Effects of Aminoguanidine on Latent Murine Tuberculosis

Abstract

A unique feature of Mycobacterium tuberculosis is its ability to establish latent infection in the human host, which can reactivate to cause disease years later. In the present study, the mechanisms involved in the control of latent tuberculous infection were examined using two murine experimental tuberculosis models. Analysis of the model involving infection of mice with a relatively low inoculum of the virulent Erdman strain of M. tuberculosis indicated that in vivo inhibition of reactive nitrogen intermediate (RNI) production by the nitric oxide synthase inhibitor aminoguanidine resulted in reactivation.
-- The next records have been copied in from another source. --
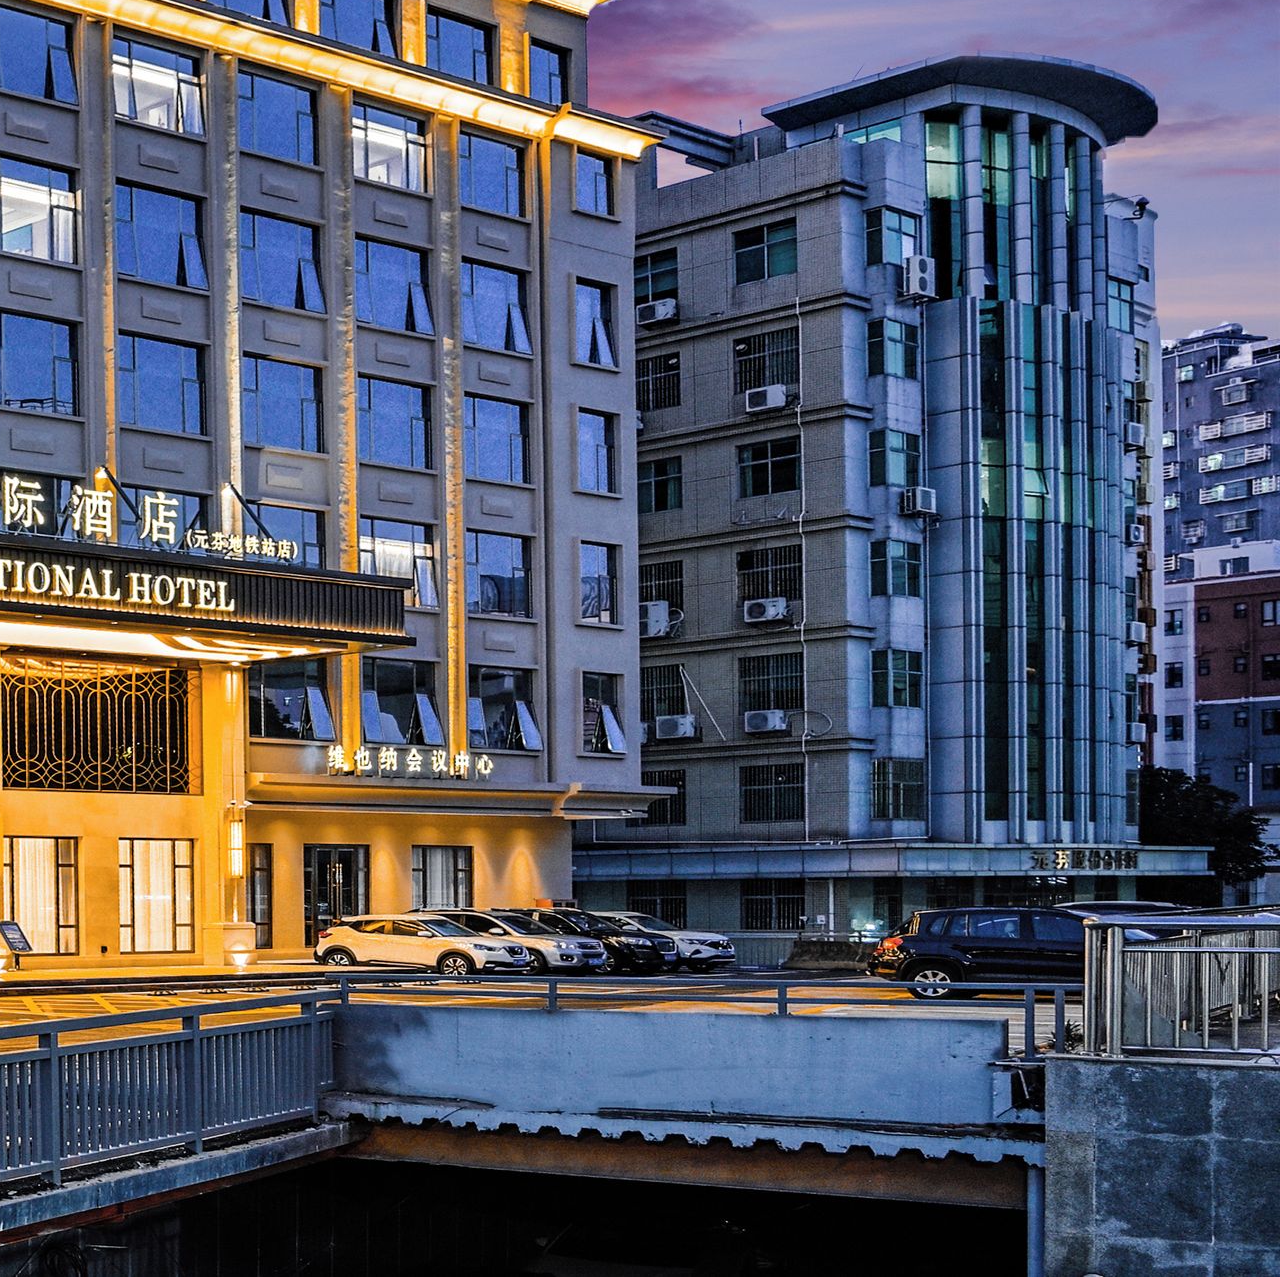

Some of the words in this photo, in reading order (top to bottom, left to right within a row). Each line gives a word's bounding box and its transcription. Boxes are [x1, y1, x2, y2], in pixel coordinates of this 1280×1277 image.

[125, 571, 235, 612] HOTEL
[328, 744, 494, 774] 维也纳会议中心
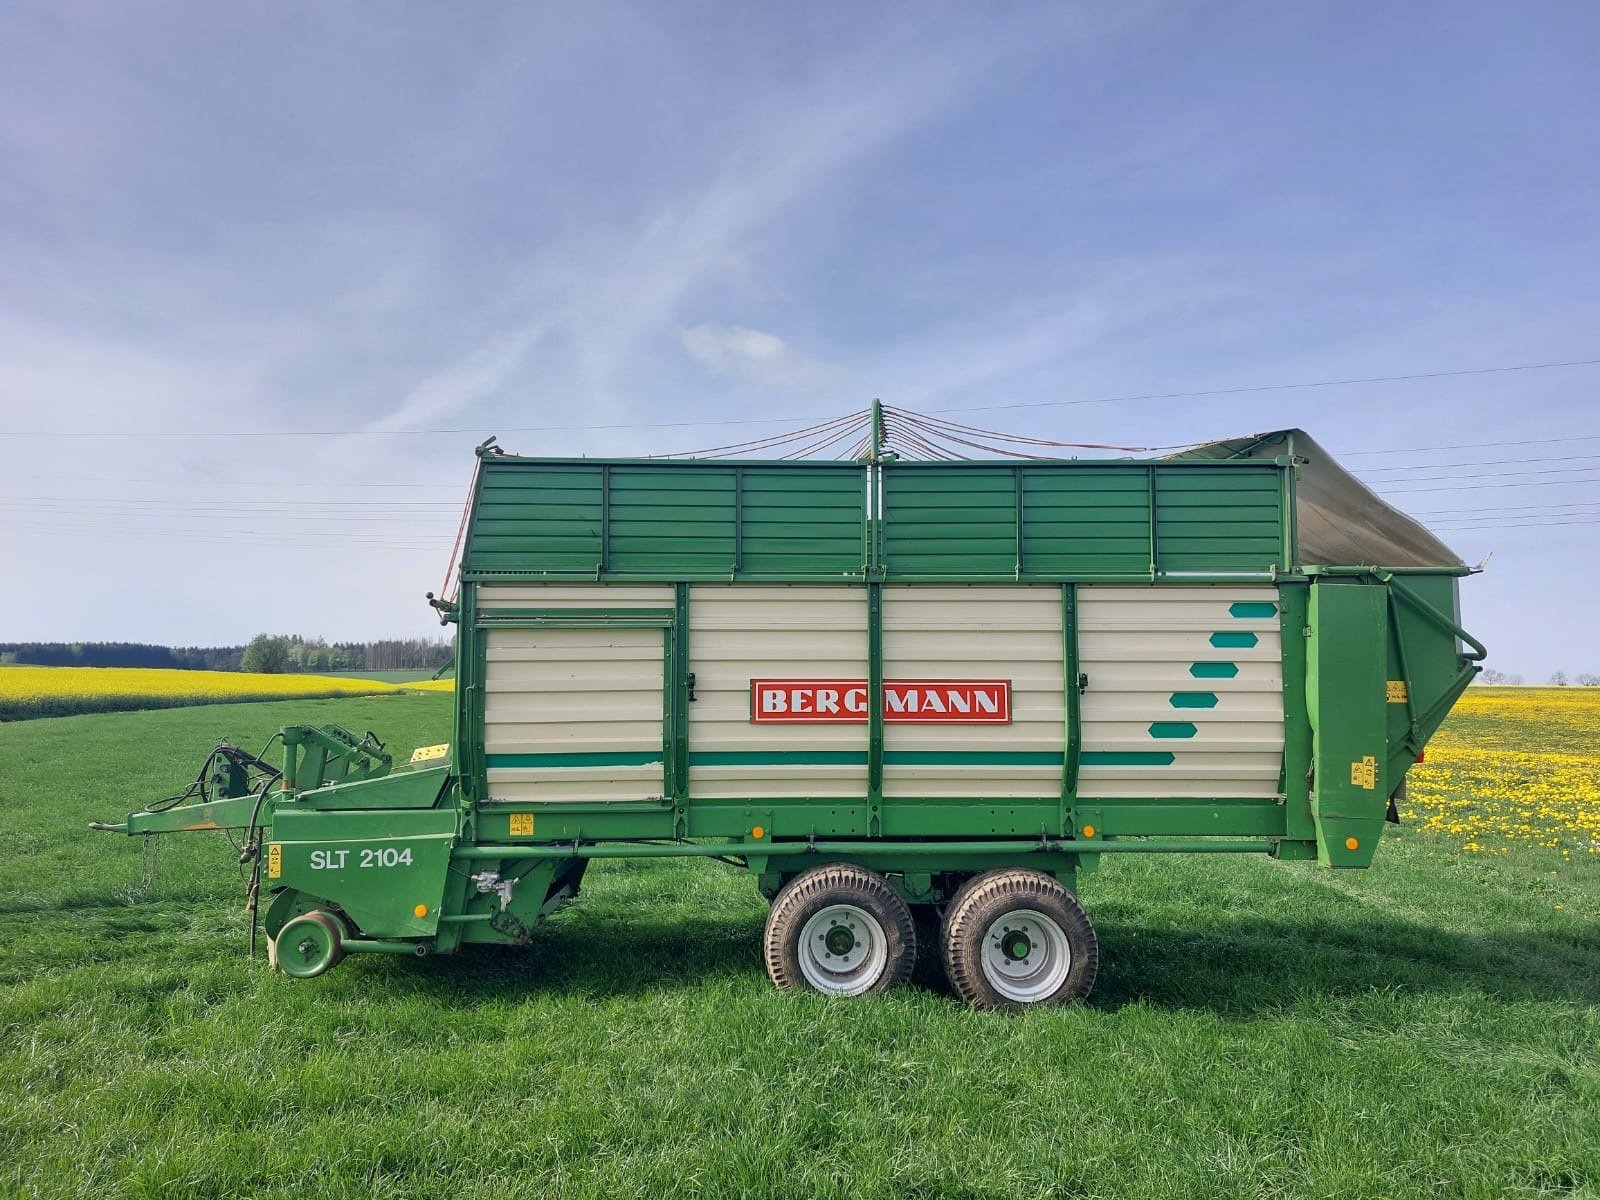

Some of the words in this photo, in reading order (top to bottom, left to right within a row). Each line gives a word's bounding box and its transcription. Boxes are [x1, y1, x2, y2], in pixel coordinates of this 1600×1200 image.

[762, 688, 998, 714] BERGMANN
[310, 850, 349, 870] SLT
[359, 848, 413, 868] 2104
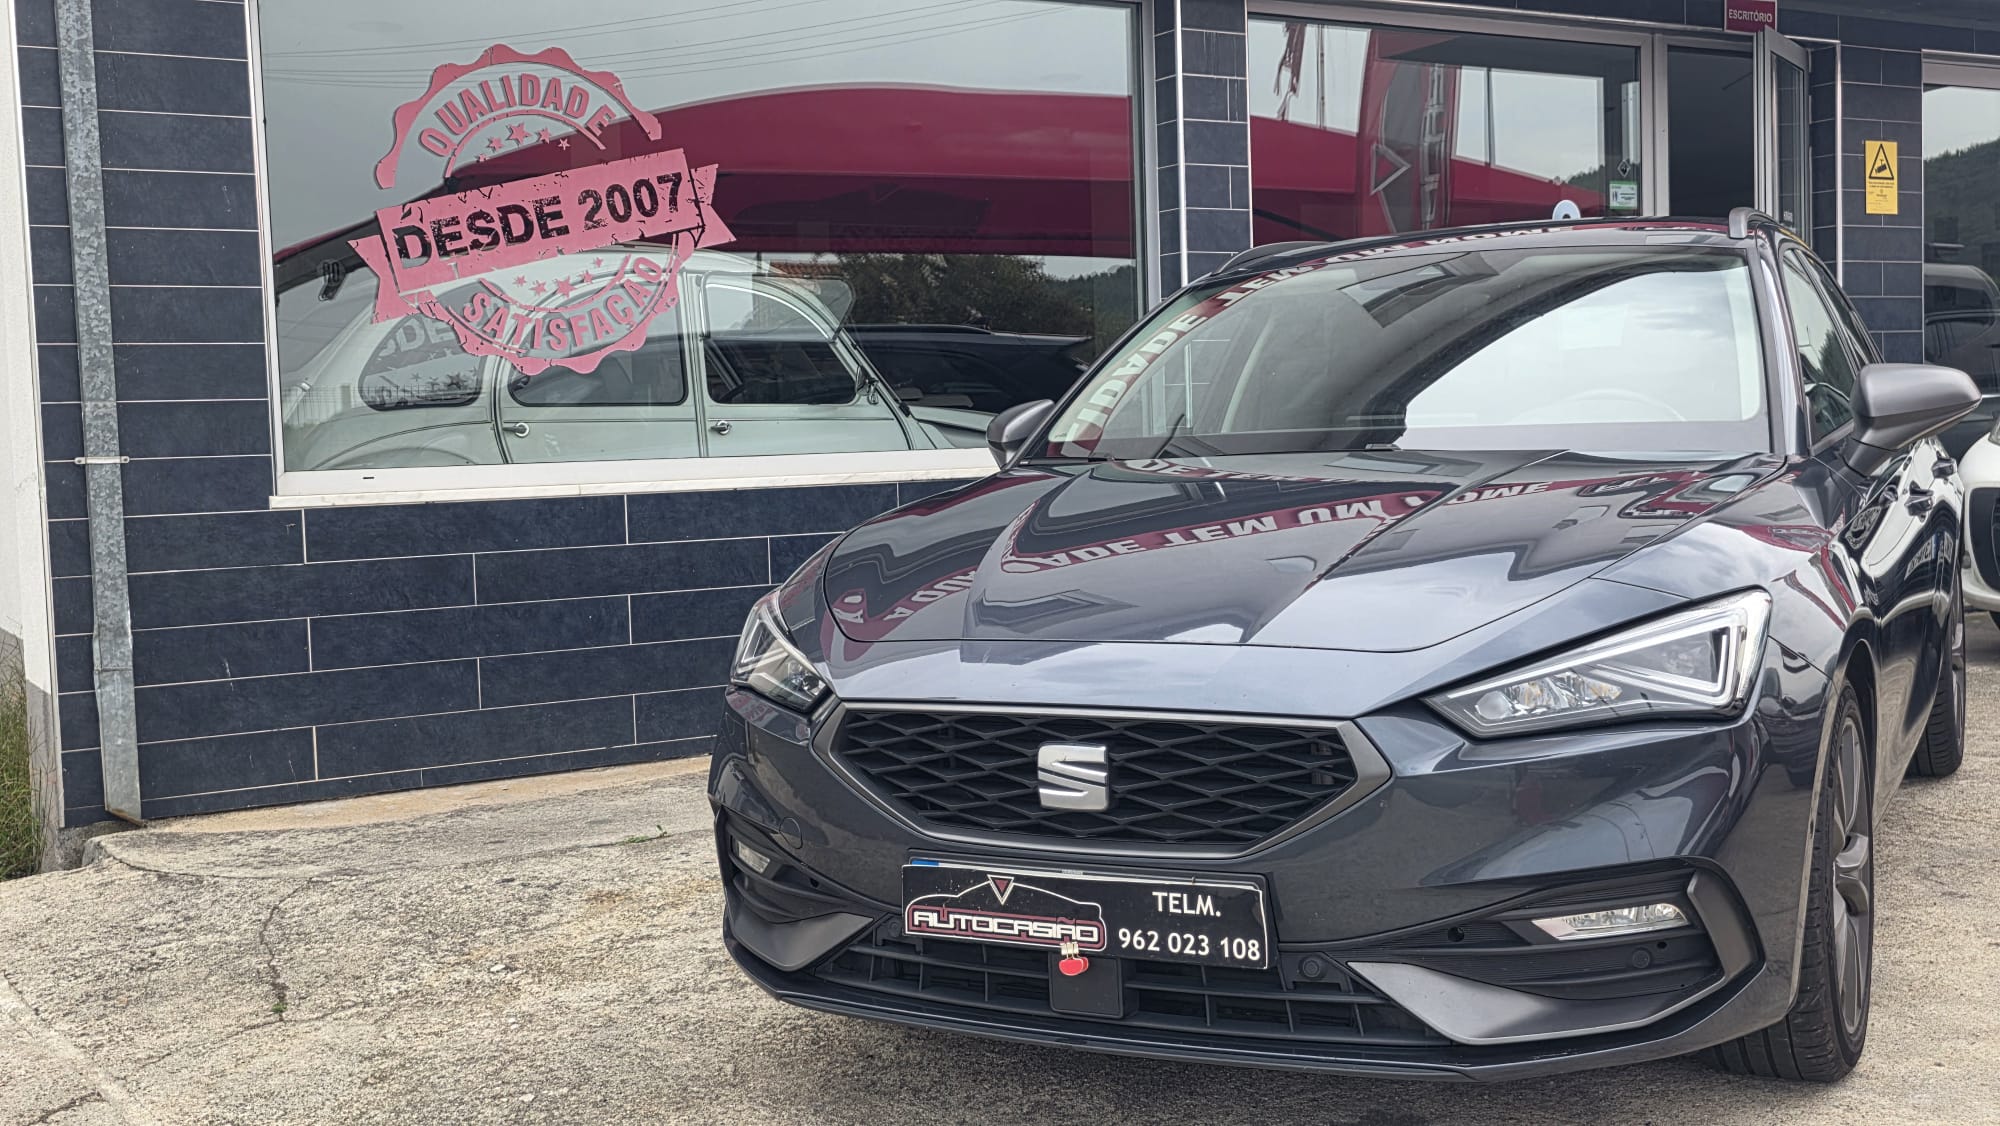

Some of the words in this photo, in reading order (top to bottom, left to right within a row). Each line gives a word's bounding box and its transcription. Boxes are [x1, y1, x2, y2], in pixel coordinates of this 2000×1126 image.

This reactivation was evidenced by hepatosplenomegaly, a robust tissue granulomatous reaction, and increased bacillary load. IFN-γ, TNF-α, and inducible nitric oxide synthase were all expressed throughout the latent phase of infection. Reactivation of latent tuberculous infection by aminoguanidine treatment was confirmed using a second murine tuberculosis model based on treatment with antimycobacterial drugs. Results obtained using this drug-based model also suggested the existence of an RNI-independent antimycobacterial mechanism(s) operative in the latent phase of infection. Together, these data suggest that both RNI-dependent and -independent mechanisms contribute to the prevention of tuberculous reactivation.